### About this exercise
Each entry must be restated exactly as it appears.

### Exercise data
::::
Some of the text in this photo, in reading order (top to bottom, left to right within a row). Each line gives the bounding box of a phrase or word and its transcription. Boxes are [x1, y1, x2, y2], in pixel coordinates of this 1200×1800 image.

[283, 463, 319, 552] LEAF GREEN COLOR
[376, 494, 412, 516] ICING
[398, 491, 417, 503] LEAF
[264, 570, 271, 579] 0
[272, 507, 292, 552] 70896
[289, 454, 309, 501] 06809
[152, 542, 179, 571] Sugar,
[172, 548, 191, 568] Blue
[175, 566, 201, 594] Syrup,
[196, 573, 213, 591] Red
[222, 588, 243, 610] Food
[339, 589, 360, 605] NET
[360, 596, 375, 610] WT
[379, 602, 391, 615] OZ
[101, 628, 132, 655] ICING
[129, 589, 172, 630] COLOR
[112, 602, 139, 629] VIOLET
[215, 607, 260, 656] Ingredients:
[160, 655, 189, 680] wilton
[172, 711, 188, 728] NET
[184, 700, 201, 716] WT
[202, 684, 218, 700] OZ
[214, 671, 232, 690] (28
::::
### Exercise result
Some of the text in this photo, in reading order (top to bottom, left to right within a row). Each line gives the bounding box of a phrase or word and its transcription. Boxes are [x1, y1, x2, y2], in pixel coordinates of this 1200×1800 image.

[283, 463, 319, 552] LEAF GREEN COLOR
[376, 494, 412, 516] ICING
[398, 491, 417, 503] LEAF
[264, 570, 271, 579] 0
[272, 507, 292, 552] 70896
[289, 454, 309, 501] 06809
[152, 542, 179, 571] Sugar,
[172, 548, 191, 568] Blue
[175, 566, 201, 594] Syrup,
[196, 573, 213, 591] Red
[222, 588, 243, 610] Food
[339, 589, 360, 605] NET
[360, 596, 375, 610] WT
[379, 602, 391, 615] OZ
[101, 628, 132, 655] ICING
[129, 589, 172, 630] COLOR
[112, 602, 139, 629] VIOLET
[215, 607, 260, 656] Ingredients:
[160, 655, 189, 680] wilton
[172, 711, 188, 728] NET
[184, 700, 201, 716] WT
[202, 684, 218, 700] OZ
[214, 671, 232, 690] (28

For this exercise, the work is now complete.